Eating the Mediterranean way
The Mediterranean diet comes up time and time again in reports as one of the healthiest diets one can follow, with studies finding it beneficial to a whole host of conditions from heart disease to hayfever. The secret is likely to be in the anti-inflammatory properties of the diet, as well as its richness in fibre, vitamins, minerals and phytonutrients. But there is also an holistic element – as well as foods the Mediterranean Diet places exercise and the social element of sharing food with others as fundamental to a healthy lifestyle.
The original was introduced in the 90s as a way to visualise the general dietary habits of countries with some of the longest life expectancies in the world. While the original model is still valid, the pyramid was updated in 2008 to incorporate liberal use of herbs and spices (for their antioxidant and digestive properties), as well as putting greater emphasis on the consumption of fish (high in Omega 3 fats which contribute to the health of the skin, heart and nervous system).

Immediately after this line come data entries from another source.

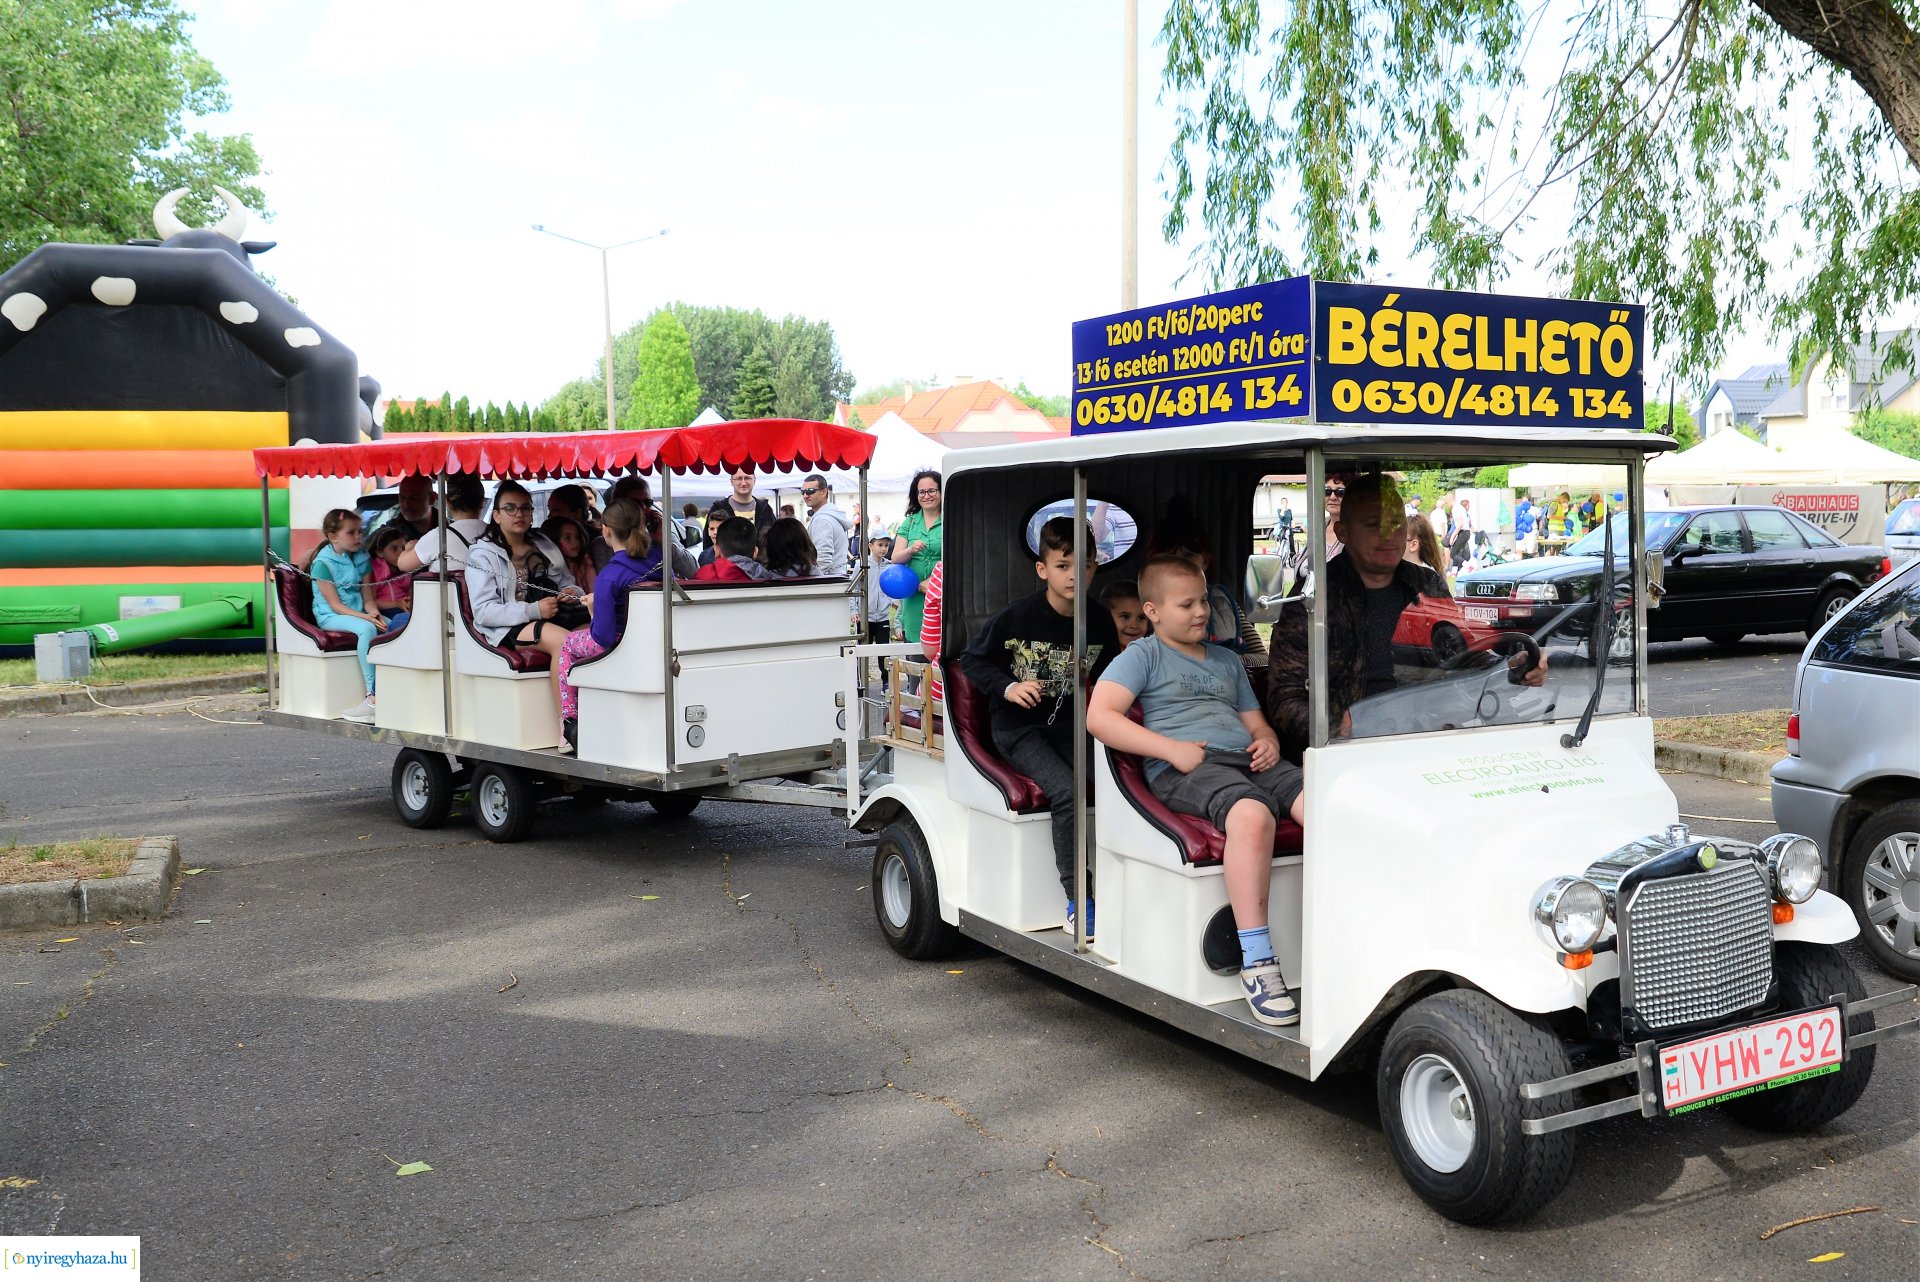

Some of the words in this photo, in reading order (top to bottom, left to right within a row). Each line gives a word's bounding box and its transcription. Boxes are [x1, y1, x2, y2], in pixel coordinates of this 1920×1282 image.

[1106, 319, 1143, 347] 1200
[1148, 301, 1263, 340] Ft/fő/20perc
[1328, 293, 1634, 378] BÉRELHETŐ
[1077, 362, 1091, 384] 13
[1095, 357, 1110, 382] fő
[1114, 350, 1168, 379] esetén
[1172, 341, 1224, 371] 12000
[1229, 331, 1263, 364] Ft/1
[1269, 330, 1304, 357] óra
[1076, 382, 1233, 426] 0630/4814
[1241, 374, 1303, 410] 134
[1331, 377, 1559, 419] 0630/4814
[1568, 387, 1633, 419] 134
[1786, 495, 1859, 510] BAUHAUS
[1180, 682, 1193, 690] THE
[1203, 675, 1214, 684] OF
[1422, 759, 1564, 785] ELECTROAUTO
[1567, 754, 1604, 768] Ltd.
[1458, 752, 1527, 767] PRODUCED
[1690, 1018, 1836, 1090] YHW-292
[1666, 1078, 1681, 1100] H
[1675, 1100, 1706, 1115] PRODUCED
[1707, 1098, 1715, 1106] BY
[1716, 1086, 1755, 1103] ELECTROAUTO
[1756, 1083, 1766, 1092] Ltd.
[1770, 1079, 1788, 1087] Phone:

Mediterranean Diet Pyramid
A contemporary approach to delicious, healthy eating
Source: Oldways (Copyright) www.oldwayspt.org
With plant based foods making up the majority of the diet, fish and pulses provide the main sources of protein while poultry, eggs and dairy foods are consumed in smaller amounts. Other types of meat and sweets are at the top of the pyramid, indicating they are eaten only occasionally. And don’t forget the garlic and olive oil, both of which have been studied extensively for their individual health benefits.
Whole grains including wheat feature in large quantities, which may come as a surprise when we are so often told that wheat contributes to our modern day health problems. But since many of the problems with wheat relate to allergy and inflammation, it is likely the Mediterranean diet provides some protection via high levels of anti-inflammatory flavonoids and healthy fats, along with immune boosting antioxidants. Mediterranean cookery also includes plenty of garlic and onions which contain quercetin – a flavonoid which has been shown to have particular anti-allergy properties.
An important point to note is that this is not a diet to be followed for a set period of time, but rather a way of life. So why not re-think your own diet ‘pyramid’ and see if there are any changes you could make for the better.